« Bonjour,
Dans cette société, la maladie quelle qu’elle soit, est malheureusement un moyen comme un autre de catégoriser, étiqueter, marginaliser.
Avec Audrey, sa force de caractère et ses profondes ressources spirituelles qui lui permettent de mener un combat admirable contre la sclérose en plaques (SEP), j'ai appris, compris, une lecture inverse du regard sur la maladie.
Pour une personne c'est le regard de son âme qui peut donner son sens à une maladie et ainsi sortir ce mot d'un carcan péjoratif. Audrey a cette approche-là de la SEP, l'apanage de ceux qui ont connu ou sont en train de connaître une épreuve. Cela consiste à prendre en considération le bon comme le mauvais devant chaque situation. Il ne s'agit pas de prendre l'un pour chasser l'autre, mais de comprendre pourquoi ces deux notions se présentent à nous et quelle essence nous pouvons tirer de tout cela.

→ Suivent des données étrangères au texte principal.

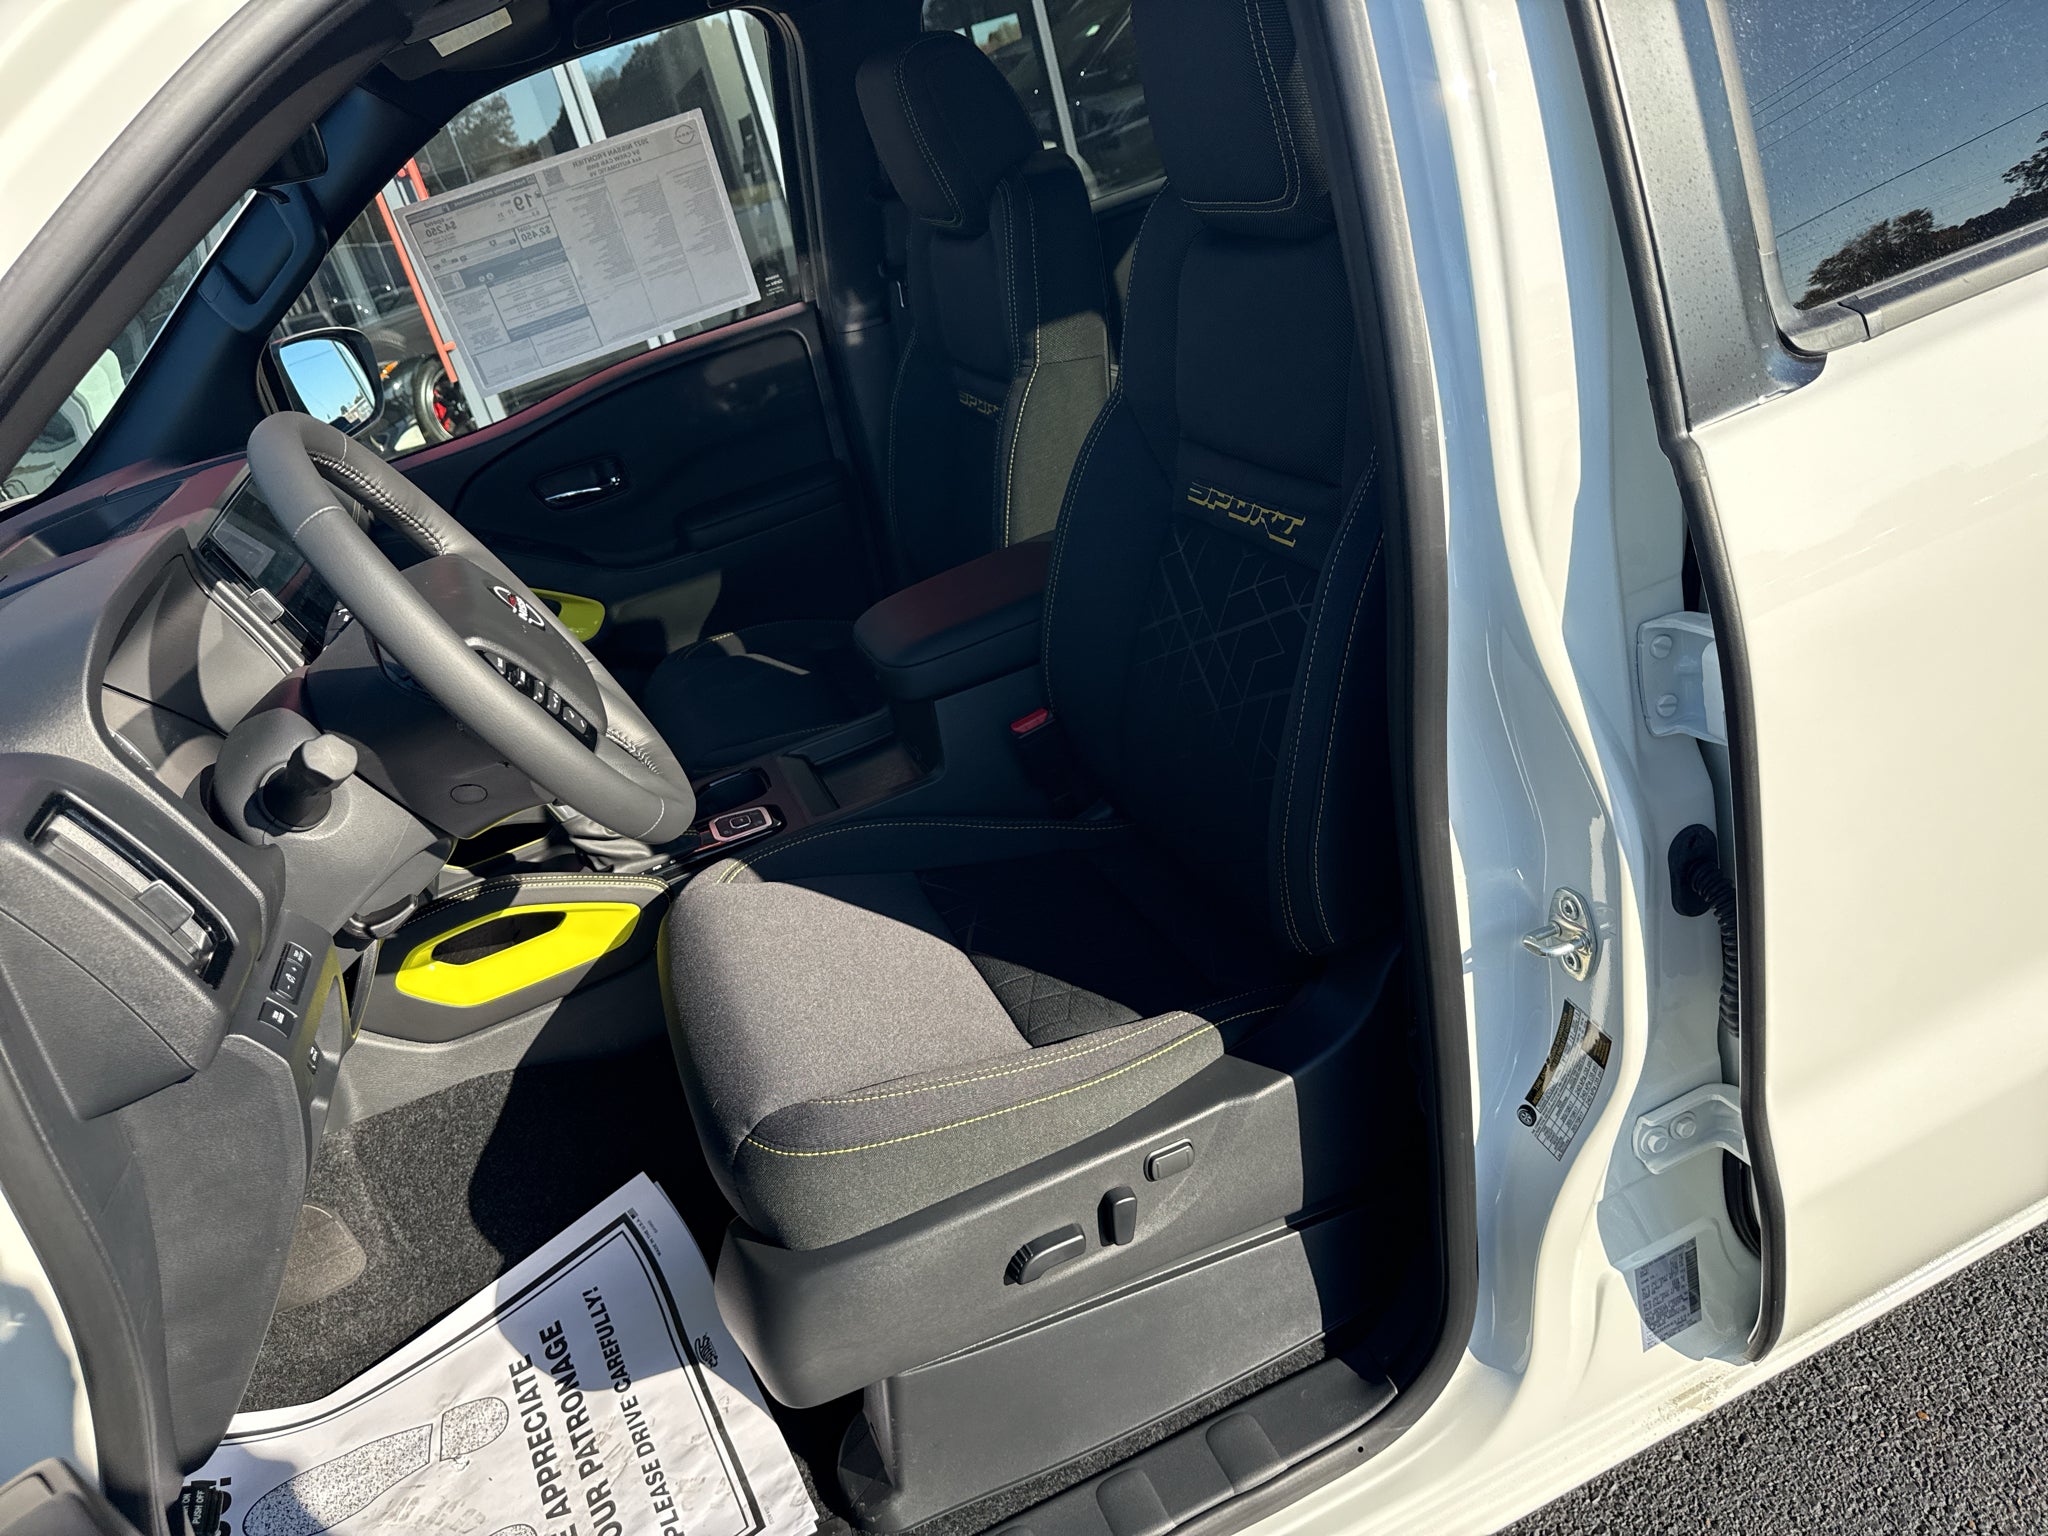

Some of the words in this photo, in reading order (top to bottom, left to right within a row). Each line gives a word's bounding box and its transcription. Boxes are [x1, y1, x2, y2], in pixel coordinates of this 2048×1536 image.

En quoi le bon nous renforce-t-il et sur quoi le mauvais cherche à nous éclairer de nos fausses routes, nos défauts, notre routine et les enseignements qui vont avec ? Oui le pragmatisme est un don fabuleux et c'est ce que j'ai appris avec Audrey par le biais de la SEP. Je suis témoin du fait que, oui, une maladie peut aussi apporter et enrichir.

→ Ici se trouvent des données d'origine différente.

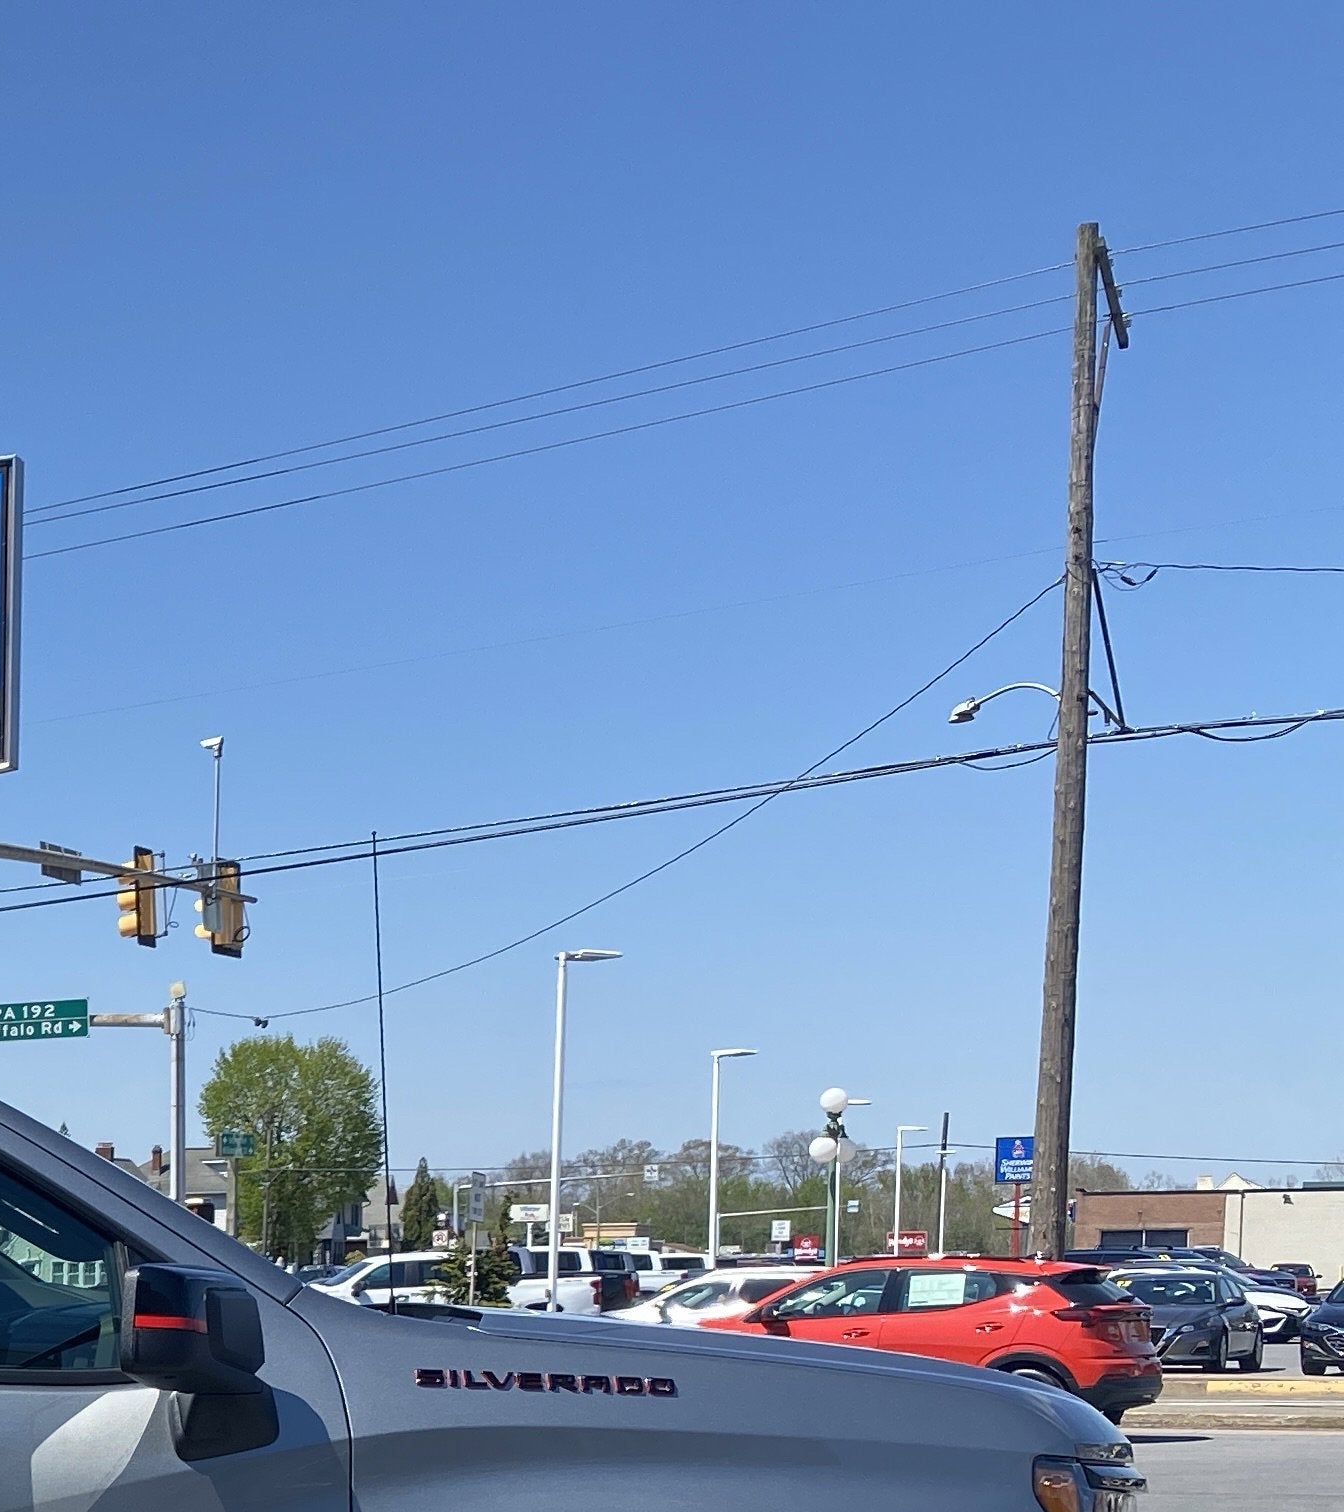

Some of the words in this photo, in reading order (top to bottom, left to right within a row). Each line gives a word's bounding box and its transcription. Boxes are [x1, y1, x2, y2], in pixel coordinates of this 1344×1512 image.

[22, 1004, 55, 1019] 192
[41, 1020, 63, 1035] Rd
[413, 1369, 678, 1397] SILVERADO
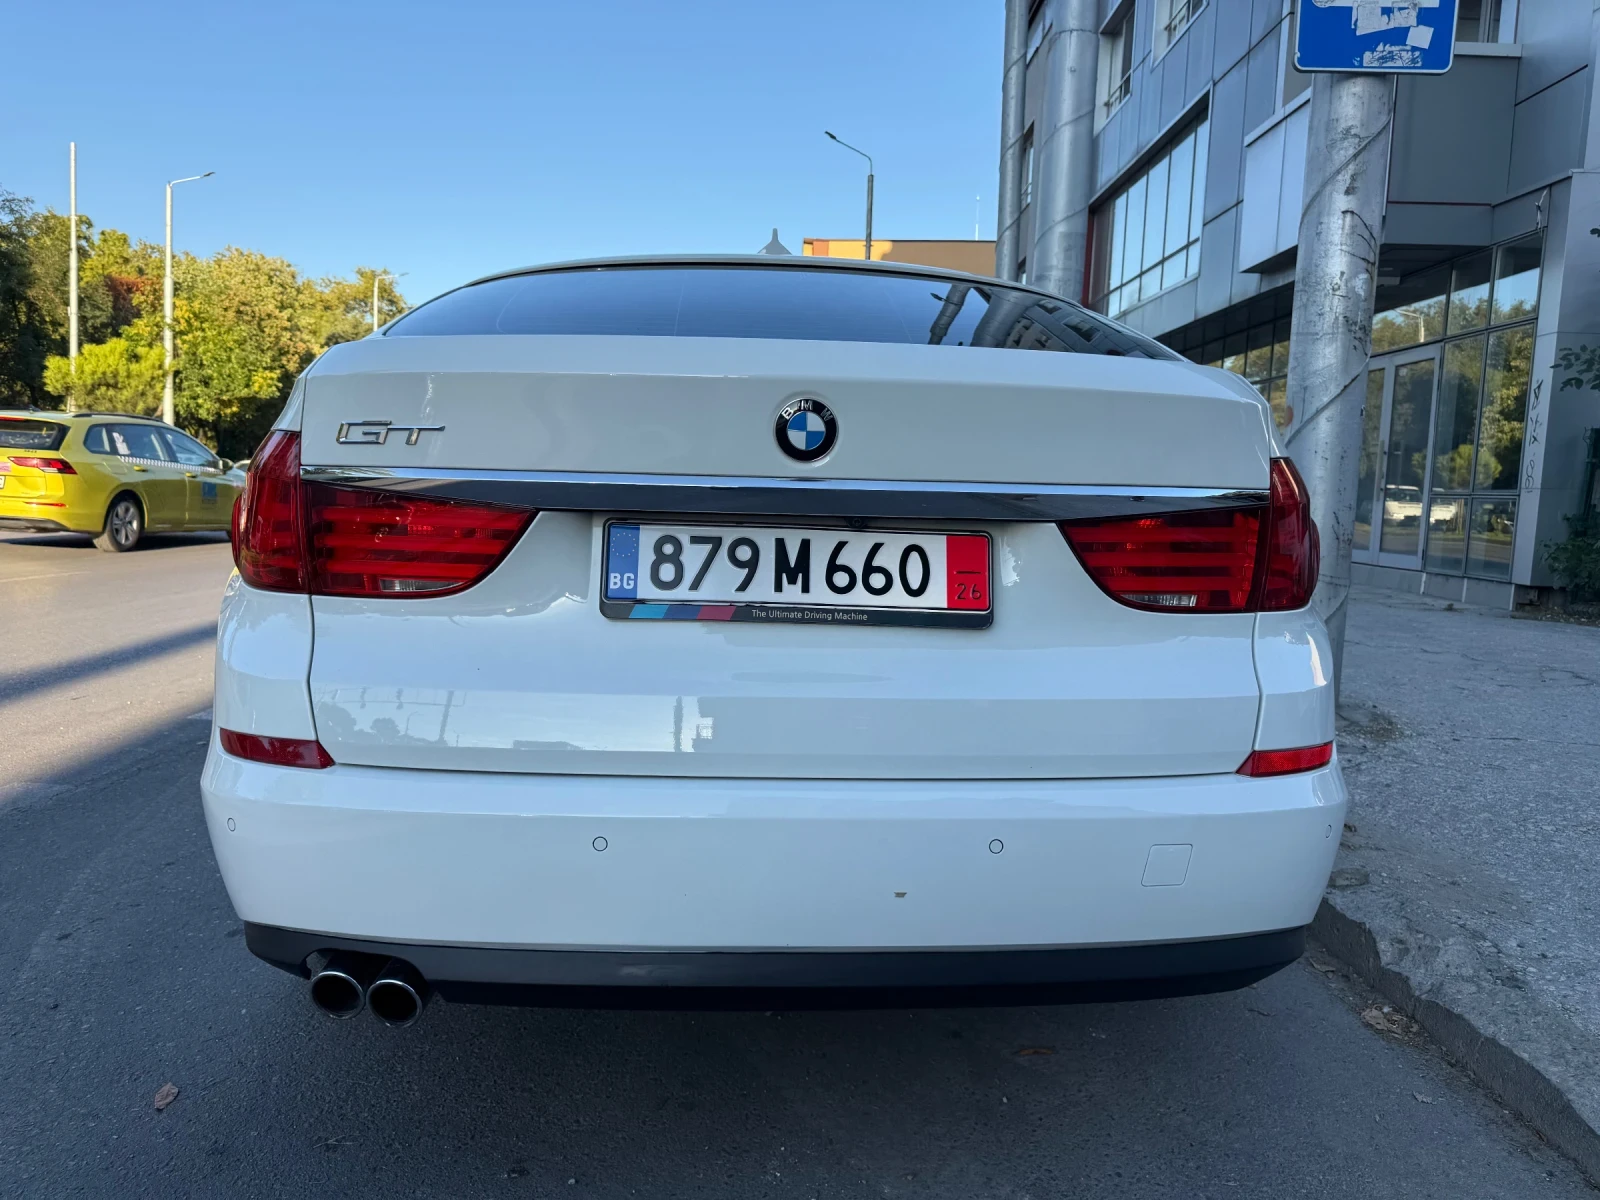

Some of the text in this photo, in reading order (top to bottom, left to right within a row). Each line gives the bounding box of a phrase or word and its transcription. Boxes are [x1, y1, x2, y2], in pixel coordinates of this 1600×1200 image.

[781, 399, 834, 421] BMW
[336, 420, 446, 445] GT
[651, 534, 931, 598] 879 M 660
[609, 572, 635, 590] BG
[955, 583, 982, 600] 26
[751, 609, 868, 621] The Ultimate Driving Machine

Un vent fort peut permettre à un arbre de se débarrasser des branches mortes, un nettoyage nécessaire. Et je me suis rendu compte à quel point cette maladie pouvait avoir la même fonction sur notre couple. Remplacez les branches mortes par des êtres néfastes qui n'entendent rien à cette situation et aux bouleversements inhérents à une longue maladie. Nous avons effectivement connu cette situation, la SEP tel un vent violent a fait virevolter dans les airs leur égoïsme, leurs esprits obtus, comme ces branches dénuées de vie, tandis que notre amour, lui, comme un arbre solide résistant à ces vents et regardant ces branches superflues s'en aller, prenait racine encore plus profondément. Ce vent chasse aussi les pensées parasites qui polluent notre quotidien. Il est là à chaque fois pour nous rappeler qu'il faut regarder devant, vivre, profiter, jouir des plaisirs simples de la vie. L'anecdote qui va suivre vient justement étayer mes propos.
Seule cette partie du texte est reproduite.